**Work to be completed**
Print the lines below exactly as written, with none missing.

**Supplied entries**
---

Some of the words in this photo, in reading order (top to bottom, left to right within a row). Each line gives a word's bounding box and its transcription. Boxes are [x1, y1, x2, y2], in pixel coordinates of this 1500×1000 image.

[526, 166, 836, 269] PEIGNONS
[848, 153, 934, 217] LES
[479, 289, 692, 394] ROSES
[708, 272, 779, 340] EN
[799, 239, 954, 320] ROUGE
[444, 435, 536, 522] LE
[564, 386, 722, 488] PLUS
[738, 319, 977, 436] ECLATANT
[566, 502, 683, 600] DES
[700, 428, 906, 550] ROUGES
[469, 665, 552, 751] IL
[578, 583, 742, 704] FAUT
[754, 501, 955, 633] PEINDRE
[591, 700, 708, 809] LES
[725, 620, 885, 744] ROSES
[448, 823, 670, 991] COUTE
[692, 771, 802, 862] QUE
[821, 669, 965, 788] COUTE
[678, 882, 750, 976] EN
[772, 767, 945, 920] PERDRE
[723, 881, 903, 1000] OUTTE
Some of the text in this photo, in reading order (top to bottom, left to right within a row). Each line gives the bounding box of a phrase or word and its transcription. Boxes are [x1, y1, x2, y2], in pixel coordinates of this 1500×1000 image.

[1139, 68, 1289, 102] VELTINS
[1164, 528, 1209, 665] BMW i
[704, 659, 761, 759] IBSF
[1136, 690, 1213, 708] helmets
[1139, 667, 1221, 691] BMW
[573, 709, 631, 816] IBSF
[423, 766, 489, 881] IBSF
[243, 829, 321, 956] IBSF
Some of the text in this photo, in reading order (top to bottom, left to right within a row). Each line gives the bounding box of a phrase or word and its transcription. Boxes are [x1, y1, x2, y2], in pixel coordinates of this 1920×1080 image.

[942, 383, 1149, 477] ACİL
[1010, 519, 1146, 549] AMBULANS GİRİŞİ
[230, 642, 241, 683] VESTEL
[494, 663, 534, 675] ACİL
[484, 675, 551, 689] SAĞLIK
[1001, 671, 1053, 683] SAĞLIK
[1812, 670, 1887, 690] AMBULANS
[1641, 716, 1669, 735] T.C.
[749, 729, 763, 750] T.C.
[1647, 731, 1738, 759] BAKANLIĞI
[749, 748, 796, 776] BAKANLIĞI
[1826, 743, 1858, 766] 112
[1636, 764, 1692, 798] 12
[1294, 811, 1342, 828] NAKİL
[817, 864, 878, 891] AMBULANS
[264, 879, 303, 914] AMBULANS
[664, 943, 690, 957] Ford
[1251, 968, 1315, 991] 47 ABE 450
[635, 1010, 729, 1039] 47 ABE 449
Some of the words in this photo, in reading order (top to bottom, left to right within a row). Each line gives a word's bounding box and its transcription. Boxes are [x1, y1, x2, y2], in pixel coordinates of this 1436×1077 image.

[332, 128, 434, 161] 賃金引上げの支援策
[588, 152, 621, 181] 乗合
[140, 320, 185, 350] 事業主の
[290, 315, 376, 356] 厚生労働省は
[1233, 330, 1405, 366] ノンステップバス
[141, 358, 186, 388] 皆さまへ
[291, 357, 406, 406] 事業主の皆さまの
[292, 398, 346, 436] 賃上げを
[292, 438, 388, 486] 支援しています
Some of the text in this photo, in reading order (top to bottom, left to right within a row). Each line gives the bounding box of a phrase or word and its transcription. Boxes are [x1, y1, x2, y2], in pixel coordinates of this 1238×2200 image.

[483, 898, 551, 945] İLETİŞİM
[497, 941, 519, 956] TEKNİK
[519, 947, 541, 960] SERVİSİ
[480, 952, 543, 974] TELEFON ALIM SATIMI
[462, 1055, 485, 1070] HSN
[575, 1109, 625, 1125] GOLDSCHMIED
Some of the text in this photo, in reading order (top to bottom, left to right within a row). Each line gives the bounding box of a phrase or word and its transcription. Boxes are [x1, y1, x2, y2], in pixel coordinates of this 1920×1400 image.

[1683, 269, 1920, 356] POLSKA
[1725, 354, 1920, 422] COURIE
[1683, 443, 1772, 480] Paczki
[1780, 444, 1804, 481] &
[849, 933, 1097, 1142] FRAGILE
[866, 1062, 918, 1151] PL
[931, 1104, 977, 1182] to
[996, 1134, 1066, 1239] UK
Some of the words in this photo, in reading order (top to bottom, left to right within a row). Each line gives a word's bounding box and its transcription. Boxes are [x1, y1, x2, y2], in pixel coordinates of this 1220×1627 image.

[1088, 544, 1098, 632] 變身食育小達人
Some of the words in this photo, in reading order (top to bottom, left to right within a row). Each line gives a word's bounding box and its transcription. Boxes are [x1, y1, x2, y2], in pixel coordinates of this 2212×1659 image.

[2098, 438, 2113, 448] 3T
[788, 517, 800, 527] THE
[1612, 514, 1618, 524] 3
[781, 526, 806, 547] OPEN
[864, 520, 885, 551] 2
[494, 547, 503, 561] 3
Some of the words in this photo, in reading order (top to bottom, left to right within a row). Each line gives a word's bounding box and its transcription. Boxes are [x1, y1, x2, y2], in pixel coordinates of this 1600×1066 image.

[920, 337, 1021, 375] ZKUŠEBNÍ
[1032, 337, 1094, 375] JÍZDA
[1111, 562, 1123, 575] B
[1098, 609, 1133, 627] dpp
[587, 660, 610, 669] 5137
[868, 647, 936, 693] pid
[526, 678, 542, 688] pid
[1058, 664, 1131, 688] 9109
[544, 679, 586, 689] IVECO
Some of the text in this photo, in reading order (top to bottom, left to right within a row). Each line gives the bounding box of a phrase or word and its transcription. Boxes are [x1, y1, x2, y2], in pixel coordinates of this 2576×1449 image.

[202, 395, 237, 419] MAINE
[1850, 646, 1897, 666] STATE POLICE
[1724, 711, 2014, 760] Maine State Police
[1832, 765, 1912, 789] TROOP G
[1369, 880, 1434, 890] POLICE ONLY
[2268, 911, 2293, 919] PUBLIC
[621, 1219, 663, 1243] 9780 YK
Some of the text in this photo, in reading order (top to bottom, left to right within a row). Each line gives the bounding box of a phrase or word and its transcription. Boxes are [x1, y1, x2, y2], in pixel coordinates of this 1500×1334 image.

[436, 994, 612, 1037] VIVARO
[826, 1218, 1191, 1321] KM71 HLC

---

**Exercise solution**
Some of the words in this photo, in reading order (top to bottom, left to right within a row). Each line gives a word's bounding box and its transcription. Boxes are [x1, y1, x2, y2], in pixel coordinates of this 1500×1000 image.

[526, 166, 836, 269] PEIGNONS
[848, 153, 934, 217] LES
[479, 289, 692, 394] ROSES
[708, 272, 779, 340] EN
[799, 239, 954, 320] ROUGE
[444, 435, 536, 522] LE
[564, 386, 722, 488] PLUS
[738, 319, 977, 436] ECLATANT
[566, 502, 683, 600] DES
[700, 428, 906, 550] ROUGES
[469, 665, 552, 751] IL
[578, 583, 742, 704] FAUT
[754, 501, 955, 633] PEINDRE
[591, 700, 708, 809] LES
[725, 620, 885, 744] ROSES
[448, 823, 670, 991] COUTE
[692, 771, 802, 862] QUE
[821, 669, 965, 788] COUTE
[678, 882, 750, 976] EN
[772, 767, 945, 920] PERDRE
[723, 881, 903, 1000] OUTTE
Some of the text in this photo, in reading order (top to bottom, left to right within a row). Each line gives the bounding box of a phrase or word and its transcription. Boxes are [x1, y1, x2, y2], in pixel coordinates of this 1500×1000 image.

[1139, 68, 1289, 102] VELTINS
[1164, 528, 1209, 665] BMW i
[704, 659, 761, 759] IBSF
[1136, 690, 1213, 708] helmets
[1139, 667, 1221, 691] BMW
[573, 709, 631, 816] IBSF
[423, 766, 489, 881] IBSF
[243, 829, 321, 956] IBSF
Some of the text in this photo, in reading order (top to bottom, left to right within a row). Each line gives the bounding box of a phrase or word and its transcription. Boxes are [x1, y1, x2, y2], in pixel coordinates of this 1920×1080 image.

[942, 383, 1149, 477] ACİL
[1010, 519, 1146, 549] AMBULANS GİRİŞİ
[230, 642, 241, 683] VESTEL
[494, 663, 534, 675] ACİL
[484, 675, 551, 689] SAĞLIK
[1001, 671, 1053, 683] SAĞLIK
[1812, 670, 1887, 690] AMBULANS
[1641, 716, 1669, 735] T.C.
[749, 729, 763, 750] T.C.
[1647, 731, 1738, 759] BAKANLIĞI
[749, 748, 796, 776] BAKANLIĞI
[1826, 743, 1858, 766] 112
[1636, 764, 1692, 798] 12
[1294, 811, 1342, 828] NAKİL
[817, 864, 878, 891] AMBULANS
[264, 879, 303, 914] AMBULANS
[664, 943, 690, 957] Ford
[1251, 968, 1315, 991] 47 ABE 450
[635, 1010, 729, 1039] 47 ABE 449
Some of the words in this photo, in reading order (top to bottom, left to right within a row). Each line gives a word's bounding box and its transcription. Boxes are [x1, y1, x2, y2], in pixel coordinates of this 1436×1077 image.

[332, 128, 434, 161] 賃金引上げの支援策
[588, 152, 621, 181] 乗合
[140, 320, 185, 350] 事業主の
[290, 315, 376, 356] 厚生労働省は
[1233, 330, 1405, 366] ノンステップバス
[141, 358, 186, 388] 皆さまへ
[291, 357, 406, 406] 事業主の皆さまの
[292, 398, 346, 436] 賃上げを
[292, 438, 388, 486] 支援しています
Some of the text in this photo, in reading order (top to bottom, left to right within a row). Each line gives the bounding box of a phrase or word and its transcription. Boxes are [x1, y1, x2, y2], in pixel coordinates of this 1238×2200 image.

[483, 898, 551, 945] İLETİŞİM
[497, 941, 519, 956] TEKNİK
[519, 947, 541, 960] SERVİSİ
[480, 952, 543, 974] TELEFON ALIM SATIMI
[462, 1055, 485, 1070] HSN
[575, 1109, 625, 1125] GOLDSCHMIED
Some of the text in this photo, in reading order (top to bottom, left to right within a row). Each line gives the bounding box of a phrase or word and its transcription. Boxes are [x1, y1, x2, y2], in pixel coordinates of this 1920×1400 image.

[1683, 269, 1920, 356] POLSKA
[1725, 354, 1920, 422] COURIE
[1683, 443, 1772, 480] Paczki
[1780, 444, 1804, 481] &
[849, 933, 1097, 1142] FRAGILE
[866, 1062, 918, 1151] PL
[931, 1104, 977, 1182] to
[996, 1134, 1066, 1239] UK
Some of the words in this photo, in reading order (top to bottom, left to right within a row). Each line gives a word's bounding box and its transcription. Boxes are [x1, y1, x2, y2], in pixel coordinates of this 1220×1627 image.

[1088, 544, 1098, 632] 變身食育小達人
Some of the words in this photo, in reading order (top to bottom, left to right within a row). Each line gives a word's bounding box and its transcription. Boxes are [x1, y1, x2, y2], in pixel coordinates of this 2212×1659 image.

[2098, 438, 2113, 448] 3T
[788, 517, 800, 527] THE
[1612, 514, 1618, 524] 3
[781, 526, 806, 547] OPEN
[864, 520, 885, 551] 2
[494, 547, 503, 561] 3
Some of the words in this photo, in reading order (top to bottom, left to right within a row). Each line gives a word's bounding box and its transcription. Boxes are [x1, y1, x2, y2], in pixel coordinates of this 1600×1066 image.

[920, 337, 1021, 375] ZKUŠEBNÍ
[1032, 337, 1094, 375] JÍZDA
[1111, 562, 1123, 575] B
[1098, 609, 1133, 627] dpp
[587, 660, 610, 669] 5137
[868, 647, 936, 693] pid
[526, 678, 542, 688] pid
[1058, 664, 1131, 688] 9109
[544, 679, 586, 689] IVECO
Some of the text in this photo, in reading order (top to bottom, left to right within a row). Each line gives the bounding box of a phrase or word and its transcription. Boxes are [x1, y1, x2, y2], in pixel coordinates of this 2576×1449 image.

[202, 395, 237, 419] MAINE
[1850, 646, 1897, 666] STATE POLICE
[1724, 711, 2014, 760] Maine State Police
[1832, 765, 1912, 789] TROOP G
[1369, 880, 1434, 890] POLICE ONLY
[2268, 911, 2293, 919] PUBLIC
[621, 1219, 663, 1243] 9780 YK
Some of the text in this photo, in reading order (top to bottom, left to right within a row). Each line gives the bounding box of a phrase or word and its transcription. Boxes are [x1, y1, x2, y2], in pixel coordinates of this 1500×1334 image.

[436, 994, 612, 1037] VIVARO
[826, 1218, 1191, 1321] KM71 HLC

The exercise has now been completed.